» **Work to complete**: In the copy, include no pictures, but reproduce every record exactly.

» **Records drawn from a dataset**:

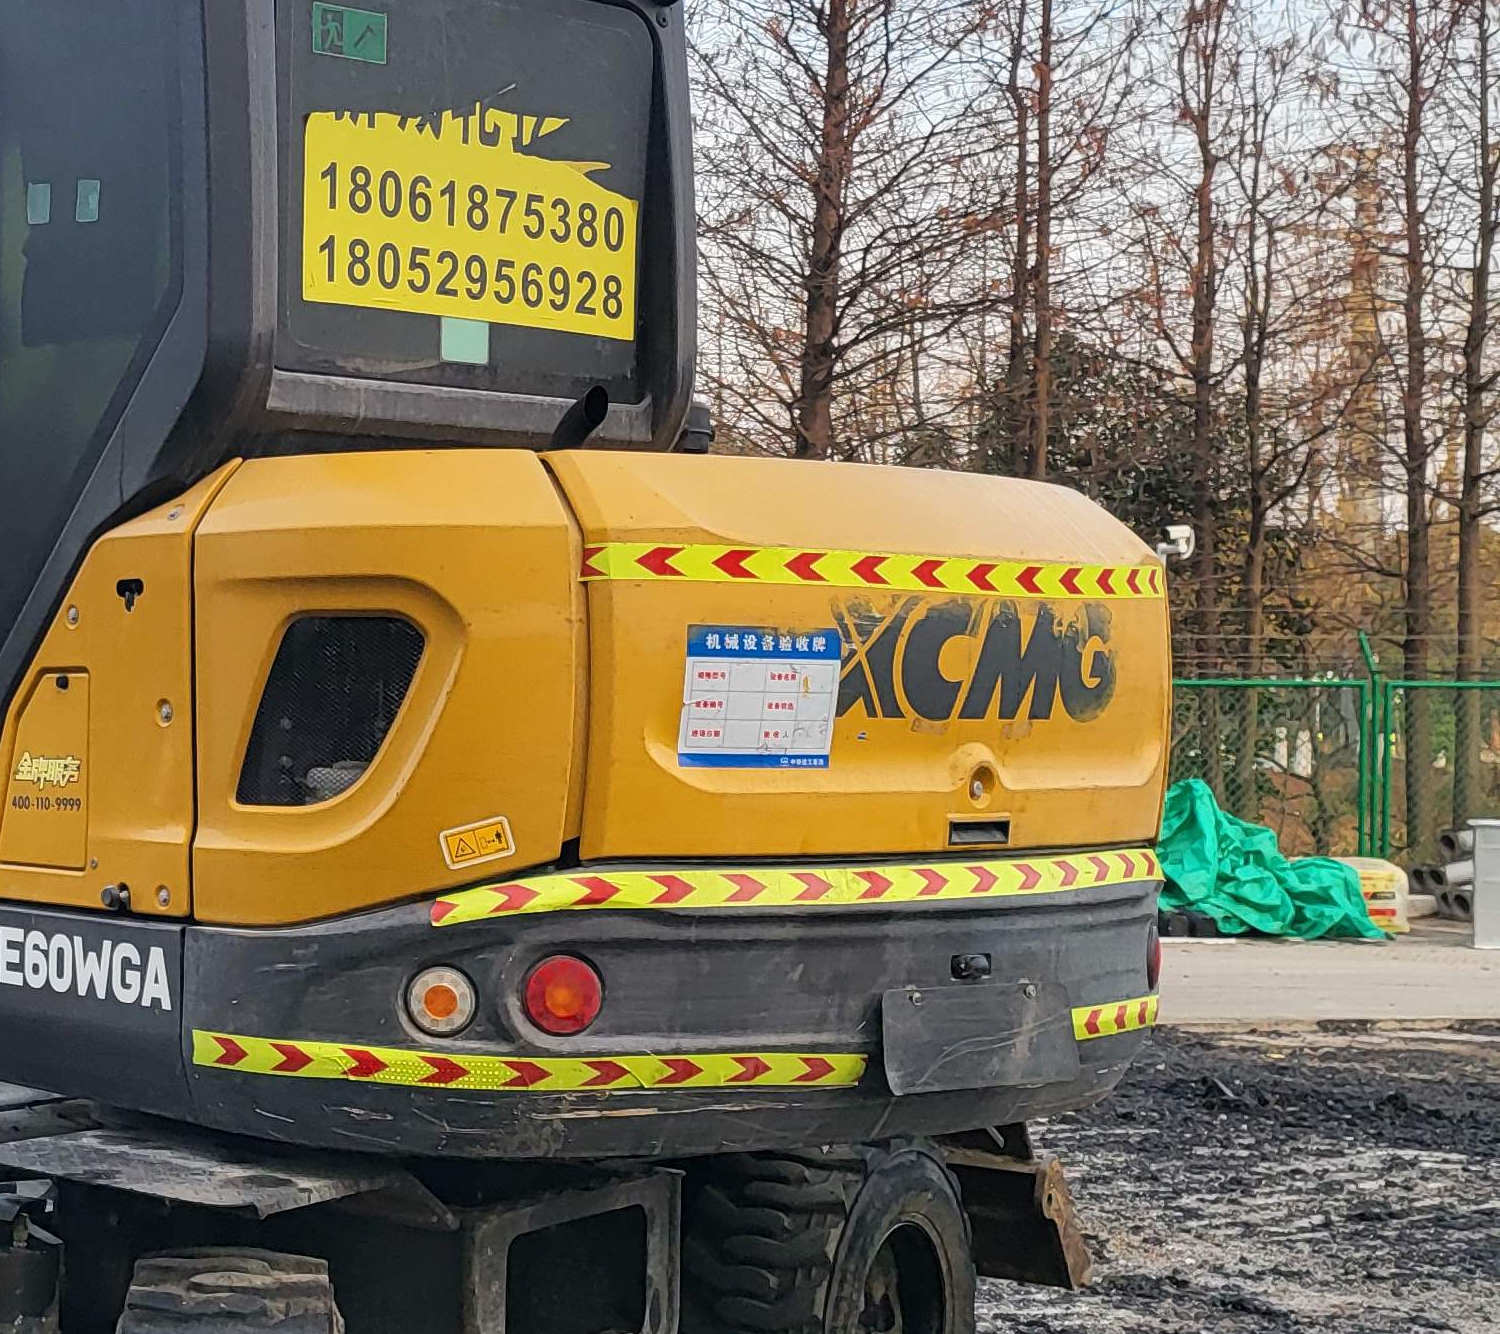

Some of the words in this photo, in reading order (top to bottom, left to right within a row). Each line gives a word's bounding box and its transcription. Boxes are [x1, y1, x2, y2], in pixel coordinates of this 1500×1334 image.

[320, 162, 625, 252] 18061875380
[318, 234, 623, 320] 18052956928
[705, 633, 827, 652] 机械设备验收牌
[832, 596, 1117, 723] XCMG

» **Answer section**:
Some of the words in this photo, in reading order (top to bottom, left to right within a row). Each line gives a word's bounding box and its transcription. Boxes are [x1, y1, x2, y2], in pixel coordinates of this 1500×1334 image.

[320, 162, 625, 252] 18061875380
[318, 234, 623, 320] 18052956928
[705, 633, 827, 652] 机械设备验收牌
[832, 596, 1117, 723] XCMG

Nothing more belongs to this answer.